You are asked to write out the entries exactly as they are given.
===== Information shown =====
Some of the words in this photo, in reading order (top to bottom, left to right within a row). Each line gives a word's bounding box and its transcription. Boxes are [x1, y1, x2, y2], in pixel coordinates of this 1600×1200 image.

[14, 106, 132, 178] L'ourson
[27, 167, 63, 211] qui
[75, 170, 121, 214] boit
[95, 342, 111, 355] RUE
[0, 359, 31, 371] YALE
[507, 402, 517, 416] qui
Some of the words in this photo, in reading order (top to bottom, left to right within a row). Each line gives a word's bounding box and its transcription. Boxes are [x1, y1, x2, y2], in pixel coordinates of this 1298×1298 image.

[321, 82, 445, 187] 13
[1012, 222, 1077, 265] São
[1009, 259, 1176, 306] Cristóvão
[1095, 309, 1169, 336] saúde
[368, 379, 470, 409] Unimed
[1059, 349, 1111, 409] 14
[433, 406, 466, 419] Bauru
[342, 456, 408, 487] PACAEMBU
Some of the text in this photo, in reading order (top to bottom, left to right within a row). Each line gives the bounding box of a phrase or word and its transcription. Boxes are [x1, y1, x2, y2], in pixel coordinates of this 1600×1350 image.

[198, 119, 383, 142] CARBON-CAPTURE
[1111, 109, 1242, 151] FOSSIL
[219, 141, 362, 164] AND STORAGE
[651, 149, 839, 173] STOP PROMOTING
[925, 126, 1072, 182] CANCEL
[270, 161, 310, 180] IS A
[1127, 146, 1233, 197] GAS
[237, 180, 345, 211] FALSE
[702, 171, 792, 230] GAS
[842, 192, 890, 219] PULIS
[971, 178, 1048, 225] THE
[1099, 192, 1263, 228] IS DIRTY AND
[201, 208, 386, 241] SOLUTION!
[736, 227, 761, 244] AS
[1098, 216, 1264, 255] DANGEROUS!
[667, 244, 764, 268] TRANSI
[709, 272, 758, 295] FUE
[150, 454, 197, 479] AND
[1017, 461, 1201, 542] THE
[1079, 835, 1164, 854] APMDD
=====
Solution to the problem:
Some of the words in this photo, in reading order (top to bottom, left to right within a row). Each line gives a word's bounding box and its transcription. Boxes are [x1, y1, x2, y2], in pixel coordinates of this 1600×1200 image.

[14, 106, 132, 178] L'ourson
[27, 167, 63, 211] qui
[75, 170, 121, 214] boit
[95, 342, 111, 355] RUE
[0, 359, 31, 371] YALE
[507, 402, 517, 416] qui
Some of the words in this photo, in reading order (top to bottom, left to right within a row). Each line gives a word's bounding box and its transcription. Boxes are [x1, y1, x2, y2], in pixel coordinates of this 1298×1298 image.

[321, 82, 445, 187] 13
[1012, 222, 1077, 265] São
[1009, 259, 1176, 306] Cristóvão
[1095, 309, 1169, 336] saúde
[368, 379, 470, 409] Unimed
[1059, 349, 1111, 409] 14
[433, 406, 466, 419] Bauru
[342, 456, 408, 487] PACAEMBU
Some of the text in this photo, in reading order (top to bottom, left to right within a row). Each line gives the bounding box of a phrase or word and its transcription. Boxes are [x1, y1, x2, y2], in pixel coordinates of this 1600×1350 image.

[198, 119, 383, 142] CARBON-CAPTURE
[1111, 109, 1242, 151] FOSSIL
[219, 141, 362, 164] AND STORAGE
[651, 149, 839, 173] STOP PROMOTING
[925, 126, 1072, 182] CANCEL
[270, 161, 310, 180] IS A
[1127, 146, 1233, 197] GAS
[237, 180, 345, 211] FALSE
[702, 171, 792, 230] GAS
[842, 192, 890, 219] PULIS
[971, 178, 1048, 225] THE
[1099, 192, 1263, 228] IS DIRTY AND
[201, 208, 386, 241] SOLUTION!
[736, 227, 761, 244] AS
[1098, 216, 1264, 255] DANGEROUS!
[667, 244, 764, 268] TRANSI
[709, 272, 758, 295] FUE
[150, 454, 197, 479] AND
[1017, 461, 1201, 542] THE
[1079, 835, 1164, 854] APMDD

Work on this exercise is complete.